A kernel function k(x, y) computes an inner product between feature-space mappings of x and y without explicitly computing the mapping:
k(x, y) = <φ(x), φ(y)>
The key benefit (the kernel trick) is that many learning algorithms (SVM, kernel ridge, kernel PCA) only need inner products; a kernel lets us operate in a high (possibly infinite) dimensional feature space implicitly and efficiently.
Common kernel functions
Kernel
Formula
Notes
Linear
k(x,y)=x·y
Equivalent to no mapping; fast, good baseline.
Polynomial
k(x,y)=(α x·y + c)d
Allows interactions up to degree d.
RBF / Gaussian
k(x,y)=exp(-||x-y||² / (2σ²))
Infinite-dimensional; locally sensitive; popular.
Sigmoid
k(x,y)=tanh(α x·y + c)
Linked to neural nets; not always positive-definite.
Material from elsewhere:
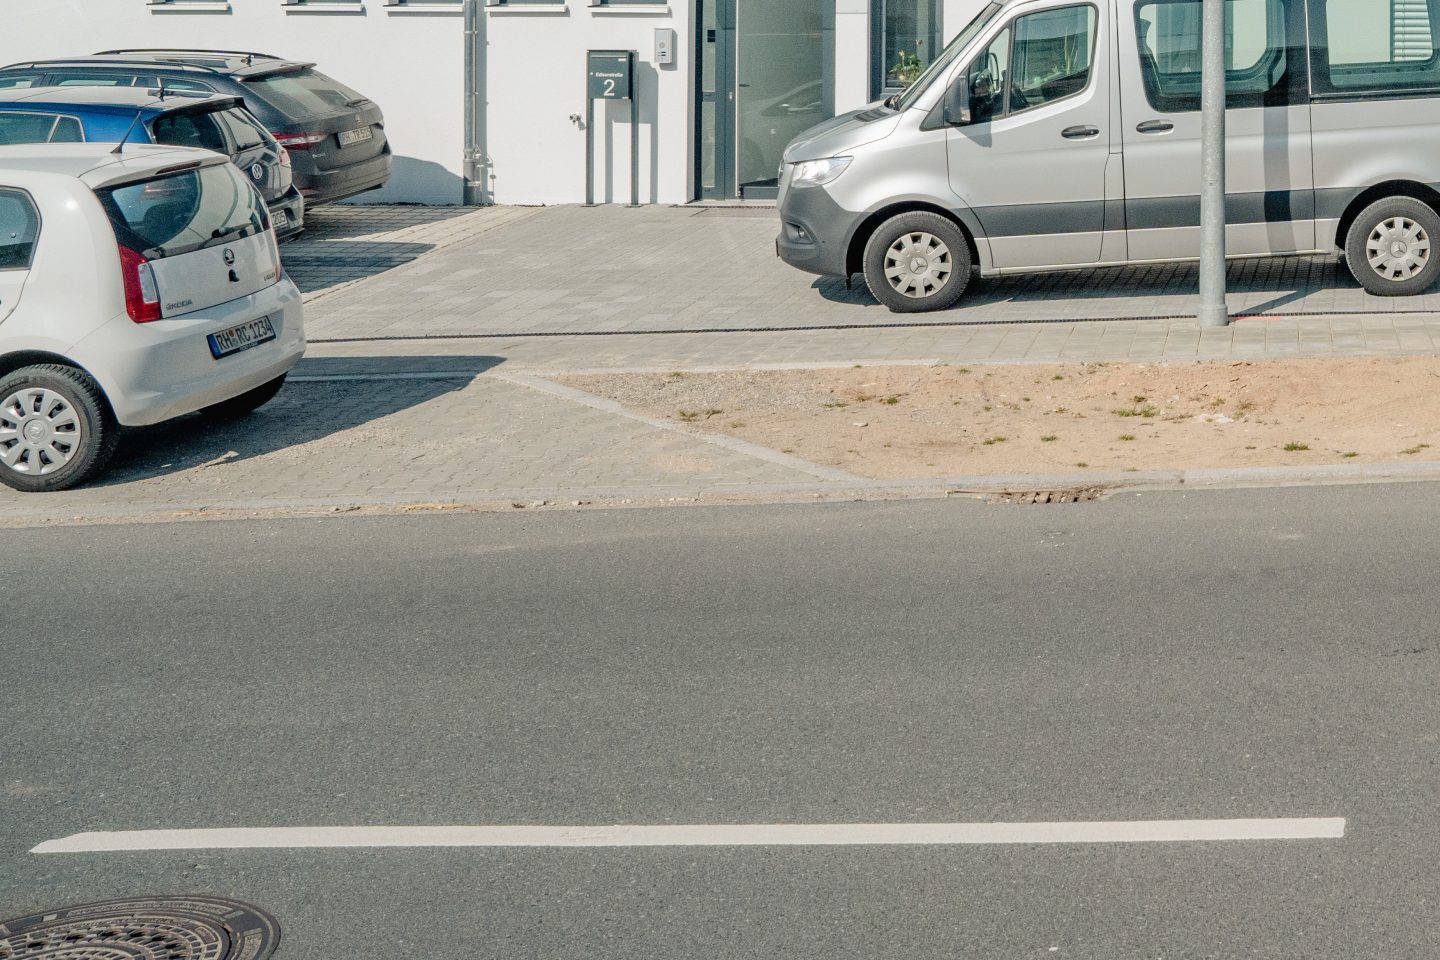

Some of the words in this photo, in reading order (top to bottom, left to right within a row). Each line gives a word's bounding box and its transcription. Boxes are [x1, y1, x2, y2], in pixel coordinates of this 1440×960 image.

Properties required for valid kernels
Symmetry: k(x,y)=k(y,x).
Positive semidefiniteness: For any finite set {x₁,...,x_n}, the kernel matrix K with Kᵢⱼ=k(xᵢ,xⱼ) must be positive semidefinite (all eigenvalues ≥0). This is Mercer's condition.
Closure properties: Sums, products, and limits of valid kernels are valid kernels.
Example: Polynomial kernel (simple)
Let x=[x₁,x₂], y=[y₁,y₂], choose d=2, c=1:
k(x,y) = (x·y + 1)² = (x₁y₁ + x₂y₂ + 1)²
This equals the dot product in a 6-dimensional feature space consisting of squared and cross terms — but we avoid computing φ(x) explicitly.
Machine learning usage
SVM: Replace x·y by k(x,y) in the dual formulation to learn nonlinear boundaries.
Kernel PCA: Compute principal components from the kernel matrix to perform nonlinear dimensionality reduction.
Kernel ridge regression: Solve ridge regression in feature space via kernel matrices.
Part B — Norms in Linear Algebra
A norm is a function that assigns a non-negative length or size to vectors (and matrices). Norms satisfy: positivity, scalability, and triangle inequality.